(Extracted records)
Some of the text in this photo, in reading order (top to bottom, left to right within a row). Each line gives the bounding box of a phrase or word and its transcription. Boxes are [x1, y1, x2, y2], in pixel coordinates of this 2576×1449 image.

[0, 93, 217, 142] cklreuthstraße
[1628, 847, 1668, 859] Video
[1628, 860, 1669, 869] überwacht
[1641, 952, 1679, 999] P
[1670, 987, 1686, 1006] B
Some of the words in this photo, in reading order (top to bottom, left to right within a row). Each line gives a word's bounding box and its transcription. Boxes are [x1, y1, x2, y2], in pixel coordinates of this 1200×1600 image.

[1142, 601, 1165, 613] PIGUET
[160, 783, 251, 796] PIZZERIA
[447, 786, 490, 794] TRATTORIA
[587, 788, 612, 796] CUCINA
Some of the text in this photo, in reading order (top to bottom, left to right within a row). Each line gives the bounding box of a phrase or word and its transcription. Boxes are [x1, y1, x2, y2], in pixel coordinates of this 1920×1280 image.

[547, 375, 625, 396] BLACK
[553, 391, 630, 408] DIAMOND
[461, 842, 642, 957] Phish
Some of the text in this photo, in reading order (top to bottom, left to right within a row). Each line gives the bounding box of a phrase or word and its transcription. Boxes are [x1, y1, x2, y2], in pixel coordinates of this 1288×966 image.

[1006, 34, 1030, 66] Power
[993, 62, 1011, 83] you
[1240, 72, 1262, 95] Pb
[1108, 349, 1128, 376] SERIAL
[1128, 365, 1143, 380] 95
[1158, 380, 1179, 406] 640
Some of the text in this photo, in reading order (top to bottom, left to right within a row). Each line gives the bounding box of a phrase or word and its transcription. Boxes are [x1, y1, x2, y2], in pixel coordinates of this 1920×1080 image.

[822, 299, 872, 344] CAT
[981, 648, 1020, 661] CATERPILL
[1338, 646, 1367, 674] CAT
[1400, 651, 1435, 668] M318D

The task:
The full set of records must be transcribed character for character.

Answer section:
Some of the text in this photo, in reading order (top to bottom, left to right within a row). Each line gives the bounding box of a phrase or word and its transcription. Boxes are [x1, y1, x2, y2], in pixel coordinates of this 2576×1449 image.

[0, 93, 217, 142] cklreuthstraße
[1628, 847, 1668, 859] Video
[1628, 860, 1669, 869] überwacht
[1641, 952, 1679, 999] P
[1670, 987, 1686, 1006] B
Some of the words in this photo, in reading order (top to bottom, left to right within a row). Each line gives a word's bounding box and its transcription. Boxes are [x1, y1, x2, y2], in pixel coordinates of this 1200×1600 image.

[1142, 601, 1165, 613] PIGUET
[160, 783, 251, 796] PIZZERIA
[447, 786, 490, 794] TRATTORIA
[587, 788, 612, 796] CUCINA
Some of the text in this photo, in reading order (top to bottom, left to right within a row). Each line gives the bounding box of a phrase or word and its transcription. Boxes are [x1, y1, x2, y2], in pixel coordinates of this 1920×1280 image.

[547, 375, 625, 396] BLACK
[553, 391, 630, 408] DIAMOND
[461, 842, 642, 957] Phish
Some of the text in this photo, in reading order (top to bottom, left to right within a row). Each line gives the bounding box of a phrase or word and its transcription. Boxes are [x1, y1, x2, y2], in pixel coordinates of this 1288×966 image.

[1006, 34, 1030, 66] Power
[993, 62, 1011, 83] you
[1240, 72, 1262, 95] Pb
[1108, 349, 1128, 376] SERIAL
[1128, 365, 1143, 380] 95
[1158, 380, 1179, 406] 640
Some of the text in this photo, in reading order (top to bottom, left to right within a row). Each line gives the bounding box of a phrase or word and its transcription. Boxes are [x1, y1, x2, y2], in pixel coordinates of this 1920×1080 image.

[822, 299, 872, 344] CAT
[981, 648, 1020, 661] CATERPILL
[1338, 646, 1367, 674] CAT
[1400, 651, 1435, 668] M318D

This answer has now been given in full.